Items from a dataset:
_____
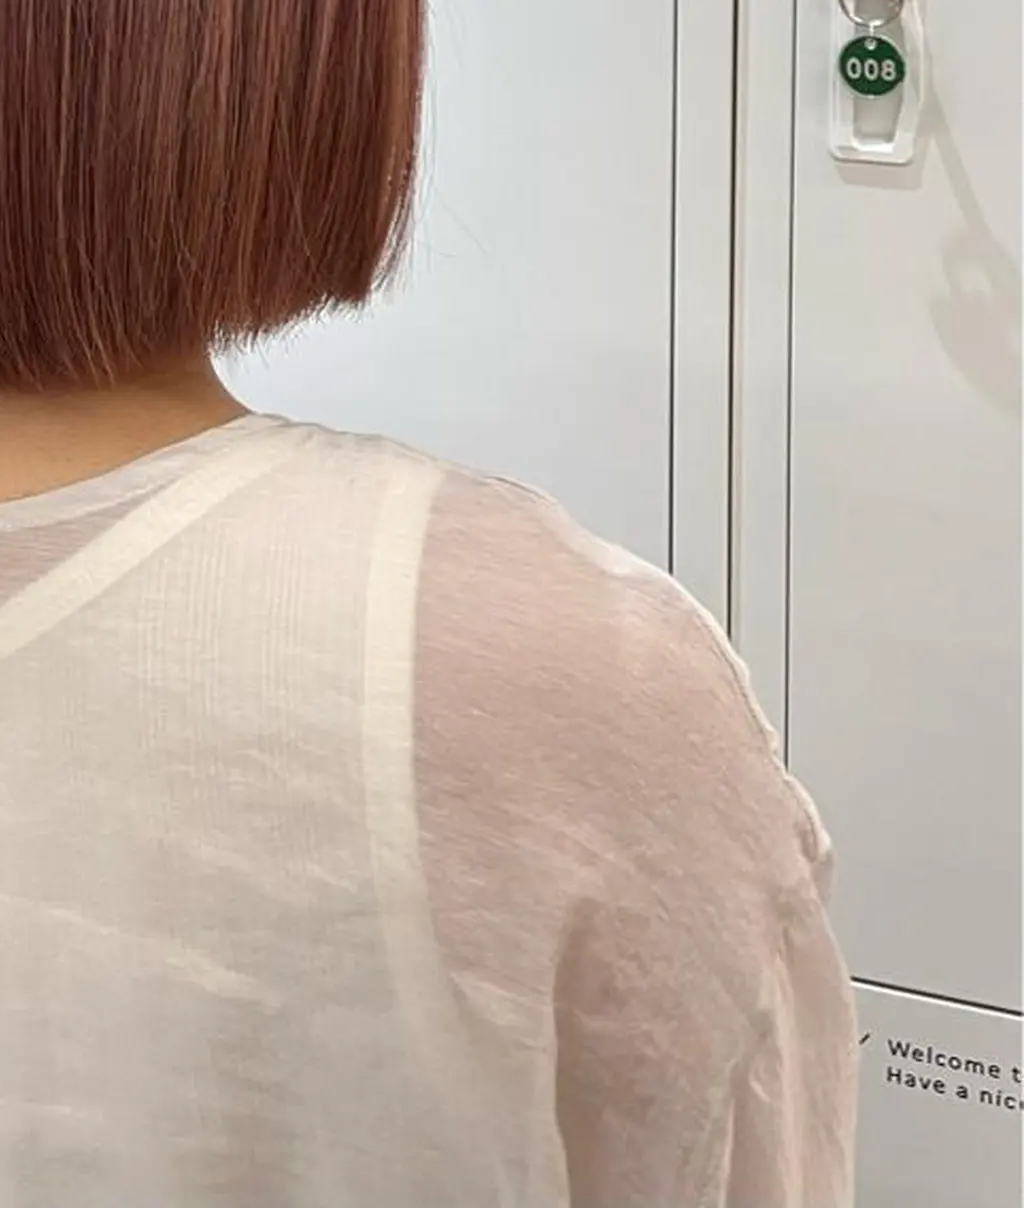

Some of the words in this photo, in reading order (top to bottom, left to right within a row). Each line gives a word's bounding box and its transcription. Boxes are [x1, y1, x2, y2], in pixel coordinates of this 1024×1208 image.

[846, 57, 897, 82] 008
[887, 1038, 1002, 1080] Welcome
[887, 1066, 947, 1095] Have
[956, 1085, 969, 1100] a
_____
Exercise:
Would you transcribe all of the entries above exactly, minus the images?

Solution:
Some of the words in this photo, in reading order (top to bottom, left to right within a row). Each line gives a word's bounding box and its transcription. Boxes are [x1, y1, x2, y2], in pixel coordinates of this 1024×1208 image.

[846, 57, 897, 82] 008
[887, 1038, 1002, 1080] Welcome
[887, 1066, 947, 1095] Have
[956, 1085, 969, 1100] a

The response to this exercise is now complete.